The first article of the seven is Christ, an article like dies Dominica in the week, all the rest are in Domino, and subordinate thereunto: And all laws contrary to the will of Christ are acknowledged to be void in his kingdom, and so they should, with far greater reason than the constable's orders against the ordinance of parliament are void in law. But, Sir, Christ's throne is highest, and his privileges supreme as only King and Head of his church, albeit kings and magistrates may be members in it. There is no authority to be balanced with his, nor posts to be set up against his, nor Korahs to be allowed against his Aarons, nor Uzziahs against his Azariahs. Is it so small a thing to have the sword? but they must have the keys also. Truly, Sir, I am confident that the parliament, and both nations will acknowledge themselves engaged under this authority, and as they would not be drawn from it (for we must deny our places, take up our cross, lay aside our love to father or mother, paternal or civil, yea lay down our lives, to aver and confess this truth against all allurements and terrors) so ye would never endeavour to draw us to any other, and whatsoever reflection to the contrary was insinuated by the deliverer of this message, I cannot but impute it to personal passion, which long ago was known to the world, but will never believe the honourable house will allow thereof, as being far beneath their wisdom, and contrary to your merit.

And, Sir, seeing these queries are before you, I am confident that whatever diversity of opinion may be among you in any particular, ye will all hold out Christ's kingdom distinct from the kingdoms of the earth, and that he has appointed the government of his own house, and should rule the same; and that none of this assembly, even for the gaining of their desires in all the points of difference, would by their silence, concealment and connivance, weaken, commutate or sell a part of this fundamental truth, this sovereign interest of Christ; and that ye will all concur to demonstrate the same by clear passages of scripture, or necessary consequences therefrom, and by constant practice of the apostles, which are rules unto us.

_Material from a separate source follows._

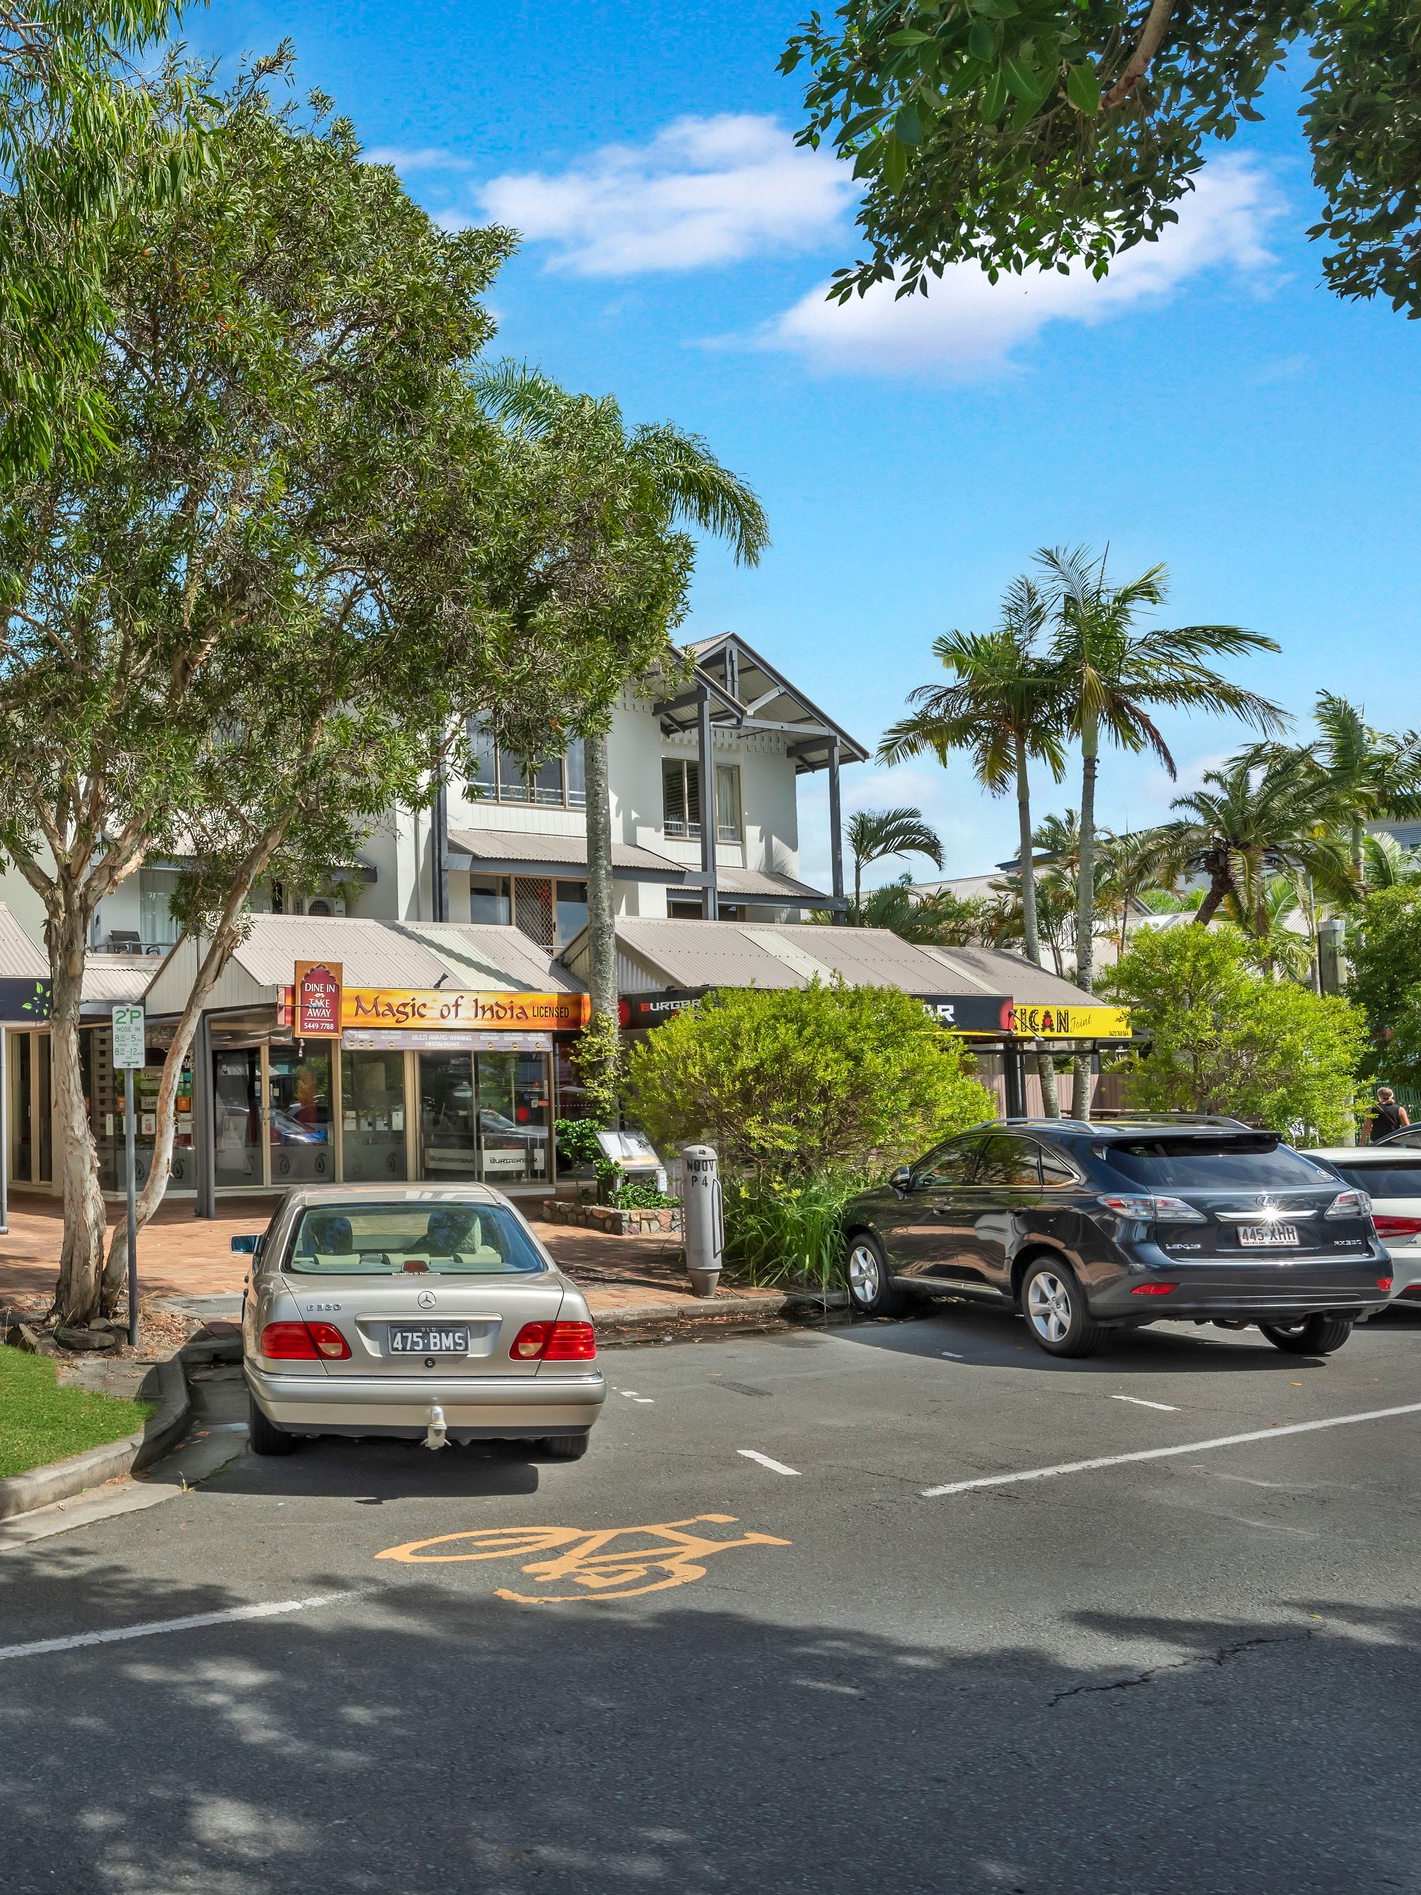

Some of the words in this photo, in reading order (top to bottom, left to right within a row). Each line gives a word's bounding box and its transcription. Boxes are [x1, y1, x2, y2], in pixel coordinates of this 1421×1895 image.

Sir, I will close with remembering you of two passages of your letter sent, by order of the house of commons, to the general assembly of the church of Scotland, that you will set out such discipline as, to the utmost of your power, you may exalt Christ the only Lord over the church, his own house, in all his offices, and present the church as a chaste virgin to Christ; and for this end that you were not restrained by the houses in your votes and resolutions, nor bound up to the sense of others, nor to carry on a private design in a civil way, but by your oath were secured against all flattering of your judgment, and engaged thereby according to the house's desire, to use all freedom becoming the integrity of your consciences, the weight of the cause, and the integrity and honour of such an assembly. I will no more, Sir, trouble you, but with one word upon the whole matter, to desire you seriously to consider if this business, whereon the eyes of God are fixed, deserves not a special day of humiliation and prayer, for the Lord's extraordinary assistance and direction of this assembly.